Contract farming refers to the rearing of juveniles of valuable fish species, carried out by private fish farming enterprises under Luke’s management. Contract farming is used to produce juveniles of the most vulnerable salmon and trout populations for stocking and for the safeguarding of their preservation.

Contract farming began in the 1970s – in a bid to strengthen salmon populations in the Baltic Sea, the Gulf of Finland and the Gulf of Bothnia – in order to increase the catch of commercial fishermen in particular. Later, the endangered species of landlocked salmon, Saimaa Arctic char, sea trout and brown trout were added to stocked species. Stocking has mainly been carried out with the purpose of recovering and strengthening the populations of these species. However, the species have also been fished; in this sense, stockings have improved catch opportunities for recreational anglers and commercial fishermen. Endangered species have played a more prominent role in stocking during the 2000s.

Fry for stocking are procured through competitive tendering

On an annual basis, Luke arranges for the procurement of juvenile through competitive tendering, purchasing the juveniles to be reared by enterprises, stocking them, marking them and handling any other research.  All juveniles are reared from eggs supplied by Luke, in order to ensure the genetic background of fish species and populations. Salmon, landlocked salmon, sea trout and brown trout are currently reared under contract breeding.

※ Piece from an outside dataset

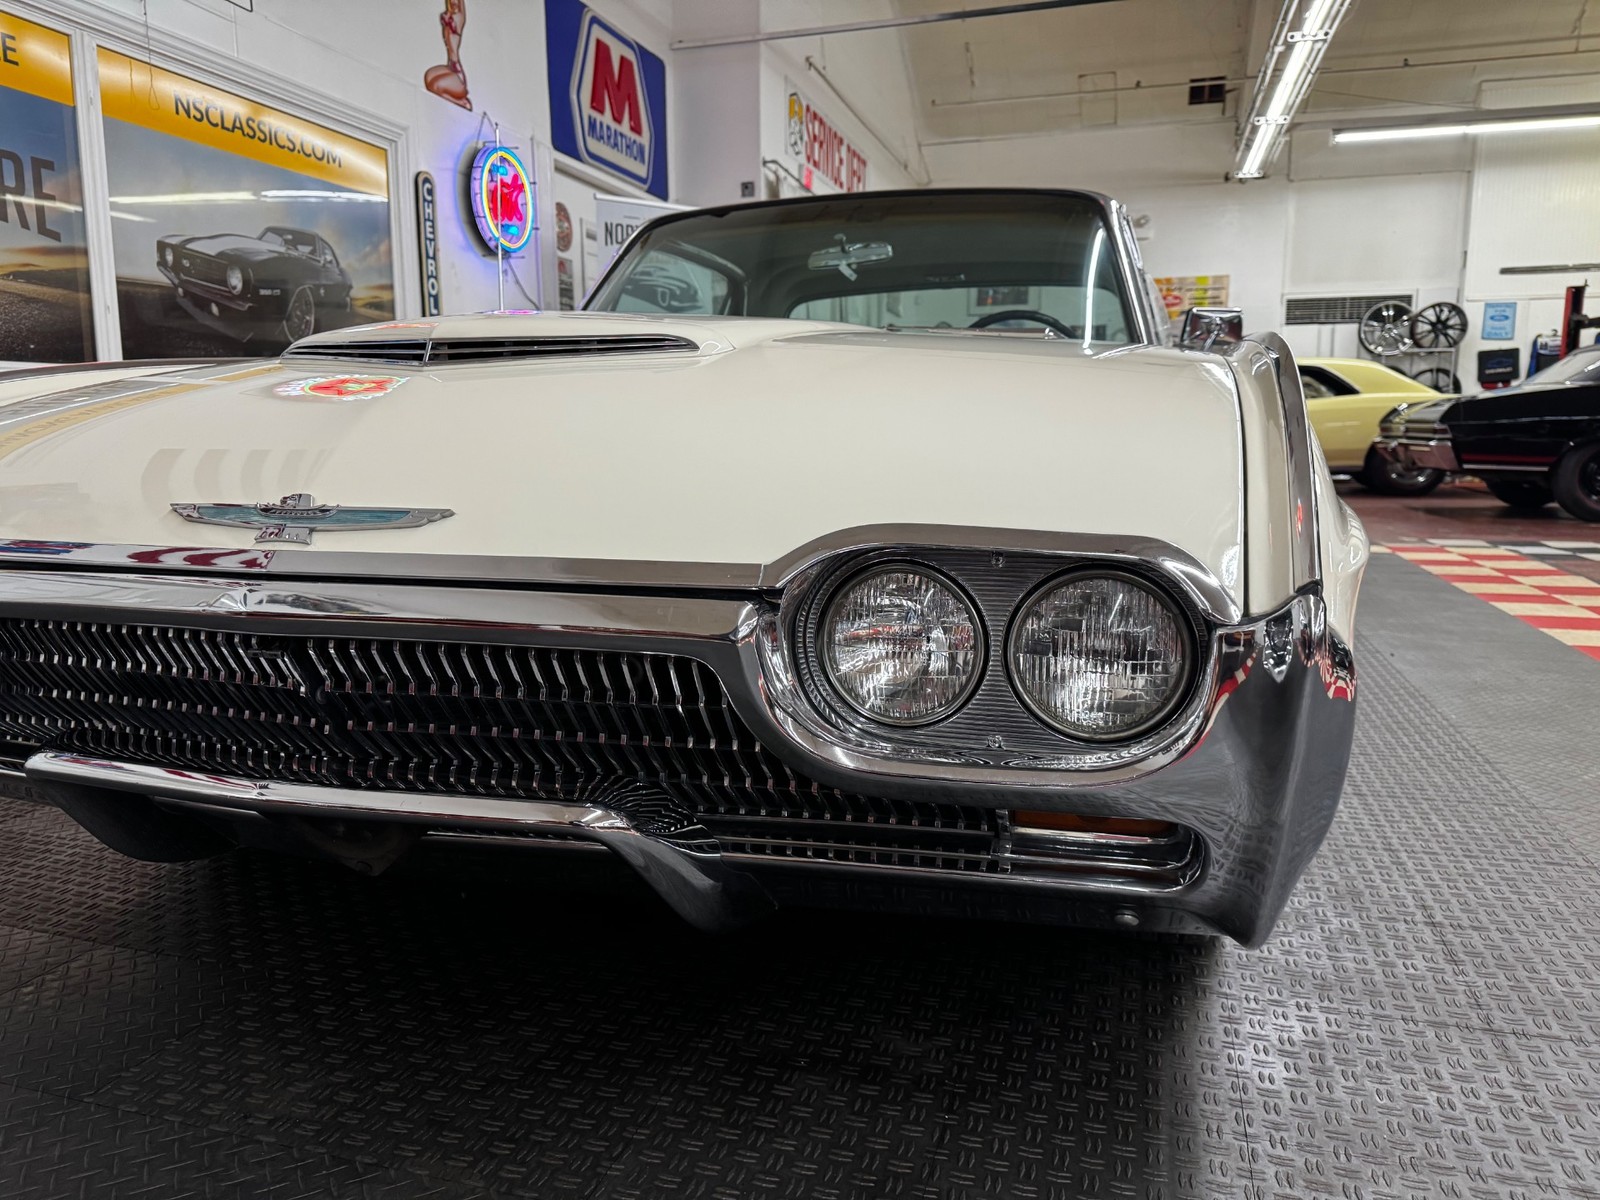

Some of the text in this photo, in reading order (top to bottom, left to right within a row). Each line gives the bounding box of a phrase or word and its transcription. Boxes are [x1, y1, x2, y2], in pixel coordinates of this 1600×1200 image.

Every spring, Luke stocks around 400,000 juveniles reared under contract breeding

The annual numbers of stocked fish vary, depending on the success rate in rearing. Every spring, Luke uses funds allocated for contract rearing to stock around 400,000 salmon, sea trout, brown trout and landlocked salmon juveniles of one or two years of age. The value of juveniles on an annual level amounts to half a million euros. Salmon and sea trout are stocked in river mouths and in rivers on the coasts of the Gulf of Finland, the Sea of Bothnia and the Archipelago Sea. Efforts are being made to reintroduce salmon and sea trout to rivers still unharnessed for hydroelecticity production and flowing into the Sea of Botnia. Landlocked salmon and brown trout are stocked in inland waters.

The farming of fish for contract stocking is monitored and managed by the Ministry of Agriculture and Forestry.